**What the task asks**
A word-for-word copy of the entries, with the images left out, is what you should write.
Top of Source records
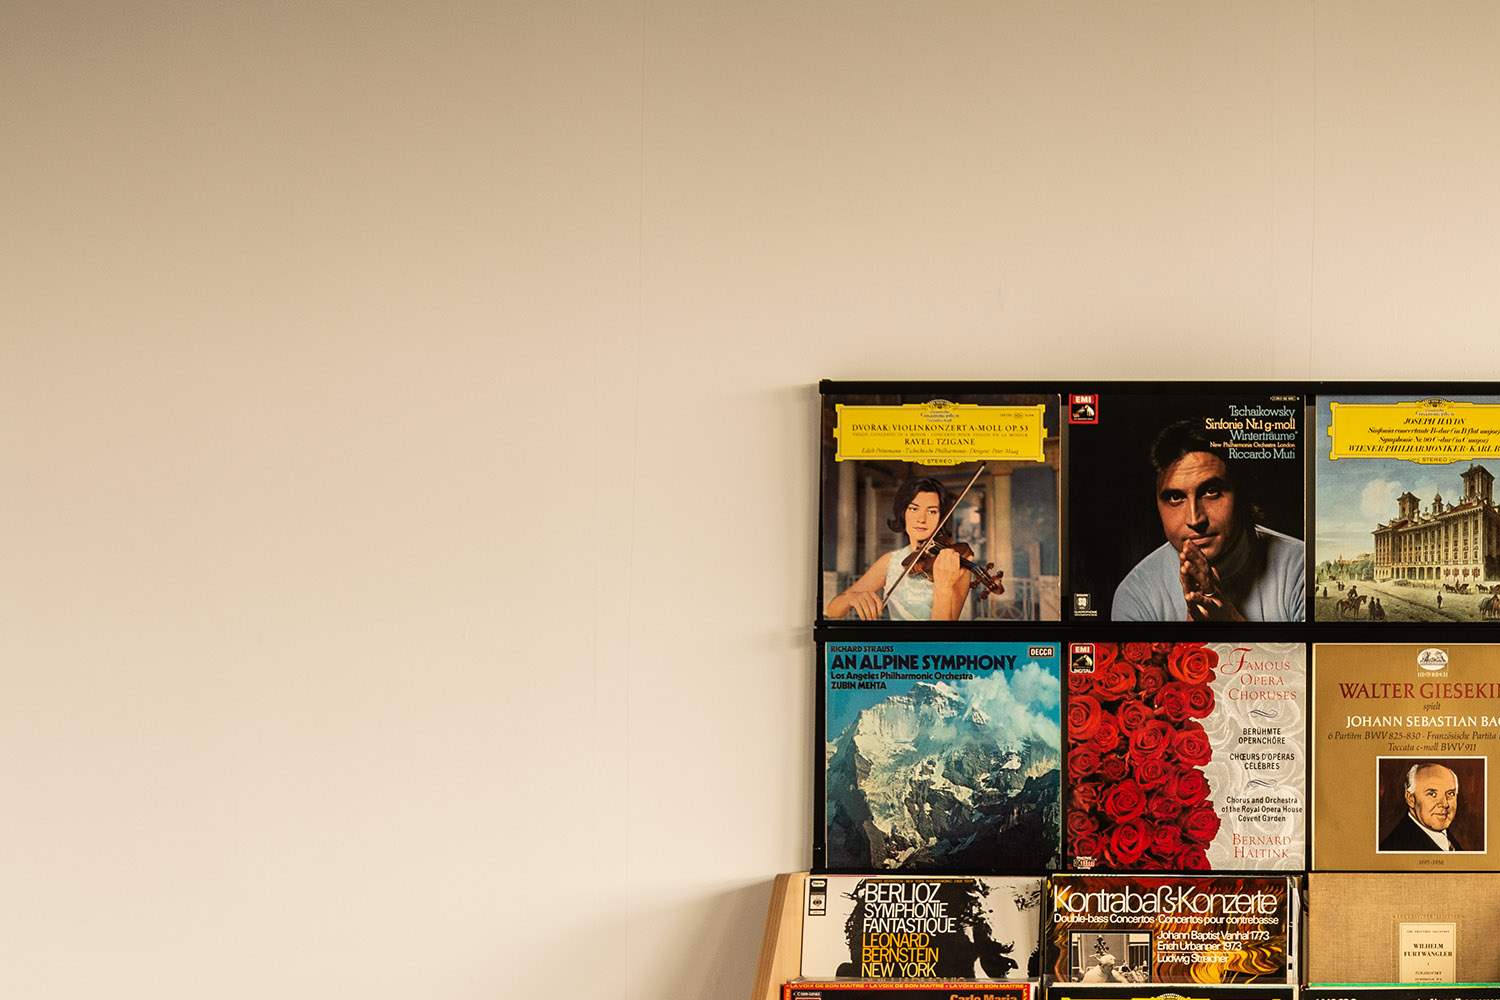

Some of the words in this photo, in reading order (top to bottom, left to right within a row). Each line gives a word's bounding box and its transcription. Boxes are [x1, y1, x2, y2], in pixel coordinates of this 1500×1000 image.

[1229, 405, 1295, 418] Tschaikowsky
[892, 424, 967, 432] VIOLINKONZERT
[1205, 418, 1243, 429] Sinfonie
[1265, 418, 1295, 432] g-moll
[1229, 448, 1271, 459] Riccardo
[1273, 448, 1295, 459] Muti
[1031, 648, 1052, 656] DECCA
[831, 655, 856, 670] AN
[860, 655, 919, 670] ALPINE
[923, 655, 1017, 670] SYMPHONY
[1220, 648, 1290, 675] FAMOUS
[831, 672, 844, 680] Los
[846, 672, 878, 681] Angeles
[881, 672, 933, 680] Philharmonic
[935, 672, 972, 680] Orchestra
[1240, 673, 1284, 685] OPERA
[1229, 688, 1296, 700] CHORUSES
[1339, 683, 1414, 698] WALTER
[1423, 702, 1440, 711] spielt
[1346, 716, 1402, 728] JOHANN
[1406, 716, 1477, 726] SEBASTIAN
[1243, 727, 1281, 735] BERÜHMTE
[1233, 833, 1291, 845] BERNARD
[1234, 847, 1288, 858] HAITINK
[864, 883, 941, 903] BERLIOZ
[1054, 885, 1277, 914] Kontrabaß-Konzerte
[863, 903, 948, 917] SYMPHONIE
[1054, 915, 1108, 923] Double-bass
[1110, 915, 1155, 923] Concertos
[1158, 916, 1203, 924] Concertos
[1204, 916, 1225, 925] pour
[1226, 916, 1279, 924] contrebasse
[863, 918, 957, 936] FANTASTIQUE
[862, 933, 929, 948] LEONARD
[862, 949, 939, 962] BERNSTEIN
[1157, 954, 1190, 964] Ludwig
[1191, 954, 1228, 963] Streicher
[861, 963, 895, 977] NEW
[899, 963, 936, 977] YORK
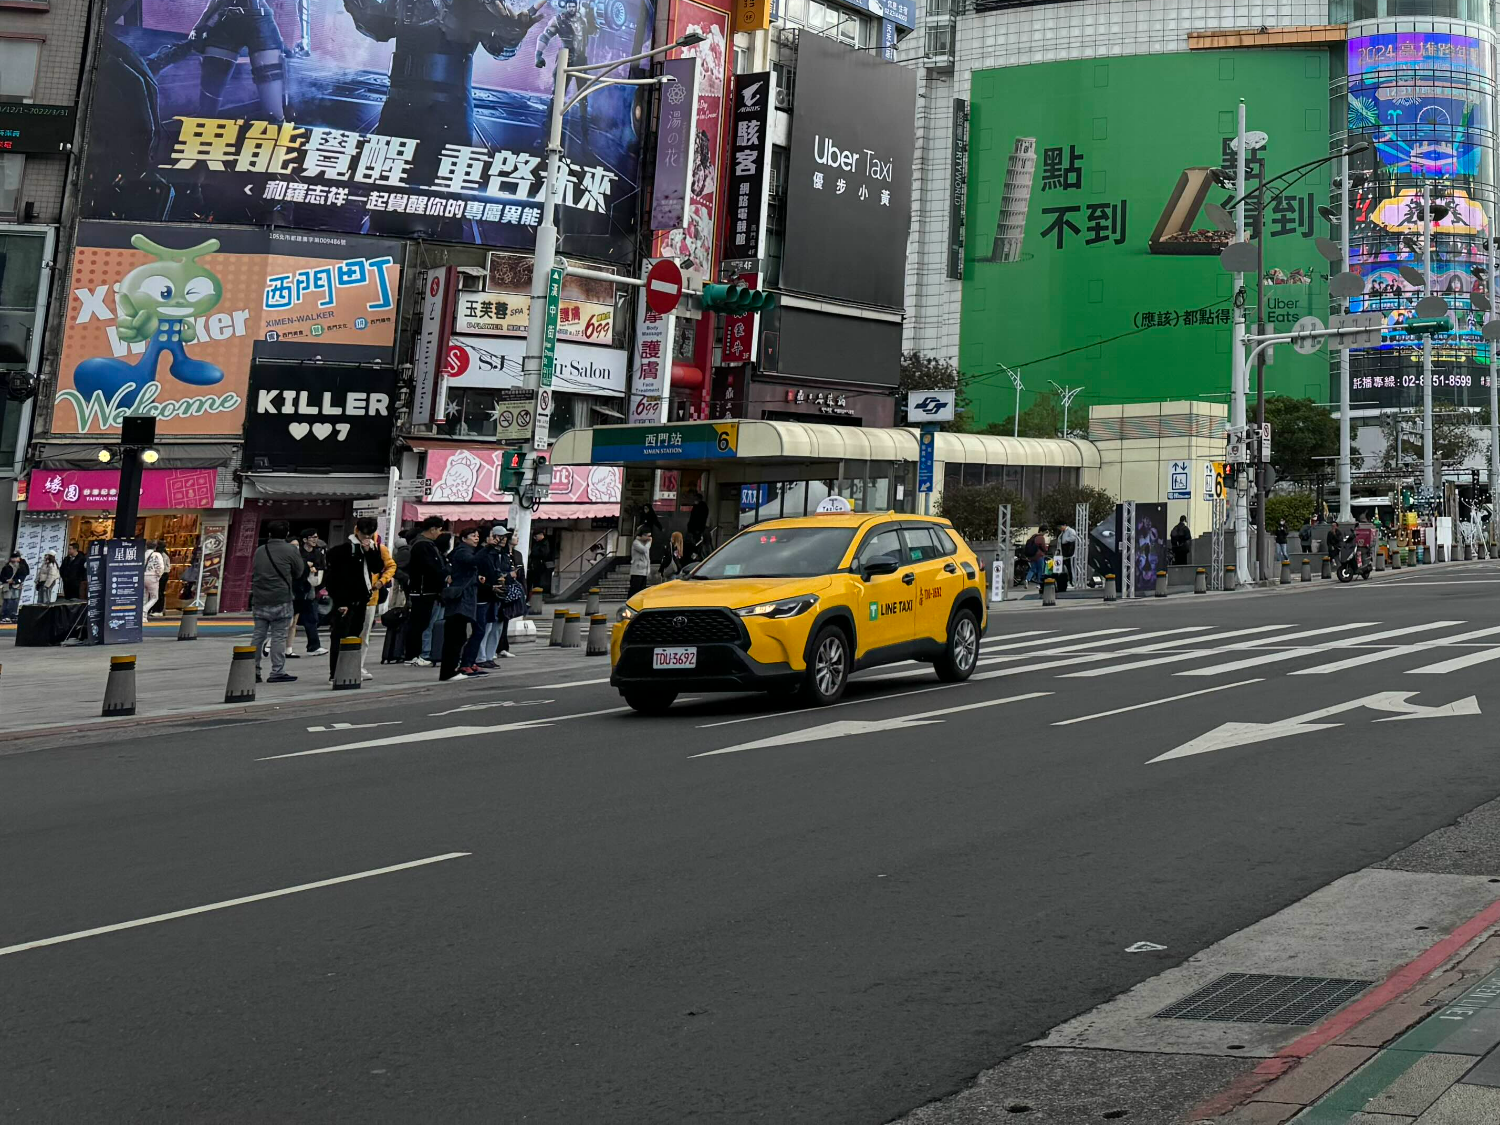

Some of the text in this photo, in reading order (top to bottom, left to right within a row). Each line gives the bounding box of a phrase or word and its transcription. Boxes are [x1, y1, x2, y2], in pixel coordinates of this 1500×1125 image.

[158, 115, 421, 186] 異能覺醒
[735, 121, 761, 176] 駭客
[814, 135, 893, 183] Uber Taxi
[1041, 144, 1084, 192] 點
[812, 172, 891, 207] 優步小黃
[262, 180, 543, 226] 和羅志祥一起覺醒你的專屬異能
[1040, 199, 1128, 250] 不到
[263, 257, 393, 311] 西門町
[464, 300, 508, 320] 玉芙蓉
[510, 308, 524, 316] SPA
[1267, 298, 1300, 309] Uber
[1268, 310, 1299, 323] Eats
[265, 311, 335, 328] XIMEN-WALKER
[1133, 307, 1247, 329] (應該)都點得
[570, 360, 611, 380] Salon
[638, 339, 661, 380] 護膚
[54, 381, 241, 434] Welcome
[257, 389, 389, 417] KILLER
[645, 431, 683, 447] 西門站
[716, 431, 730, 452] 6
[1215, 472, 1223, 498] 6
[114, 547, 137, 561] 星願
[880, 602, 897, 616] LINE
[898, 600, 913, 613] TAXI
[655, 652, 695, 665] TDU-3692
Bottom of Source records
**Response area**
Some of the words in this photo, in reading order (top to bottom, left to right within a row). Each line gives a word's bounding box and its transcription. Boxes are [x1, y1, x2, y2], in pixel coordinates of this 1500×1000 image.

[1229, 405, 1295, 418] Tschaikowsky
[892, 424, 967, 432] VIOLINKONZERT
[1205, 418, 1243, 429] Sinfonie
[1265, 418, 1295, 432] g-moll
[1229, 448, 1271, 459] Riccardo
[1273, 448, 1295, 459] Muti
[1031, 648, 1052, 656] DECCA
[831, 655, 856, 670] AN
[860, 655, 919, 670] ALPINE
[923, 655, 1017, 670] SYMPHONY
[1220, 648, 1290, 675] FAMOUS
[831, 672, 844, 680] Los
[846, 672, 878, 681] Angeles
[881, 672, 933, 680] Philharmonic
[935, 672, 972, 680] Orchestra
[1240, 673, 1284, 685] OPERA
[1229, 688, 1296, 700] CHORUSES
[1339, 683, 1414, 698] WALTER
[1423, 702, 1440, 711] spielt
[1346, 716, 1402, 728] JOHANN
[1406, 716, 1477, 726] SEBASTIAN
[1243, 727, 1281, 735] BERÜHMTE
[1233, 833, 1291, 845] BERNARD
[1234, 847, 1288, 858] HAITINK
[864, 883, 941, 903] BERLIOZ
[1054, 885, 1277, 914] Kontrabaß-Konzerte
[863, 903, 948, 917] SYMPHONIE
[1054, 915, 1108, 923] Double-bass
[1110, 915, 1155, 923] Concertos
[1158, 916, 1203, 924] Concertos
[1204, 916, 1225, 925] pour
[1226, 916, 1279, 924] contrebasse
[863, 918, 957, 936] FANTASTIQUE
[862, 933, 929, 948] LEONARD
[862, 949, 939, 962] BERNSTEIN
[1157, 954, 1190, 964] Ludwig
[1191, 954, 1228, 963] Streicher
[861, 963, 895, 977] NEW
[899, 963, 936, 977] YORK

Some of the text in this photo, in reading order (top to bottom, left to right within a row). Each line gives the bounding box of a phrase or word and its transcription. Boxes are [x1, y1, x2, y2], in pixel coordinates of this 1500×1125 image.

[158, 115, 421, 186] 異能覺醒
[735, 121, 761, 176] 駭客
[814, 135, 893, 183] Uber Taxi
[1041, 144, 1084, 192] 點
[812, 172, 891, 207] 優步小黃
[262, 180, 543, 226] 和羅志祥一起覺醒你的專屬異能
[1040, 199, 1128, 250] 不到
[263, 257, 393, 311] 西門町
[464, 300, 508, 320] 玉芙蓉
[510, 308, 524, 316] SPA
[1267, 298, 1300, 309] Uber
[1268, 310, 1299, 323] Eats
[265, 311, 335, 328] XIMEN-WALKER
[1133, 307, 1247, 329] (應該)都點得
[570, 360, 611, 380] Salon
[638, 339, 661, 380] 護膚
[54, 381, 241, 434] Welcome
[257, 389, 389, 417] KILLER
[645, 431, 683, 447] 西門站
[716, 431, 730, 452] 6
[1215, 472, 1223, 498] 6
[114, 547, 137, 561] 星願
[880, 602, 897, 616] LINE
[898, 600, 913, 613] TAXI
[655, 652, 695, 665] TDU-3692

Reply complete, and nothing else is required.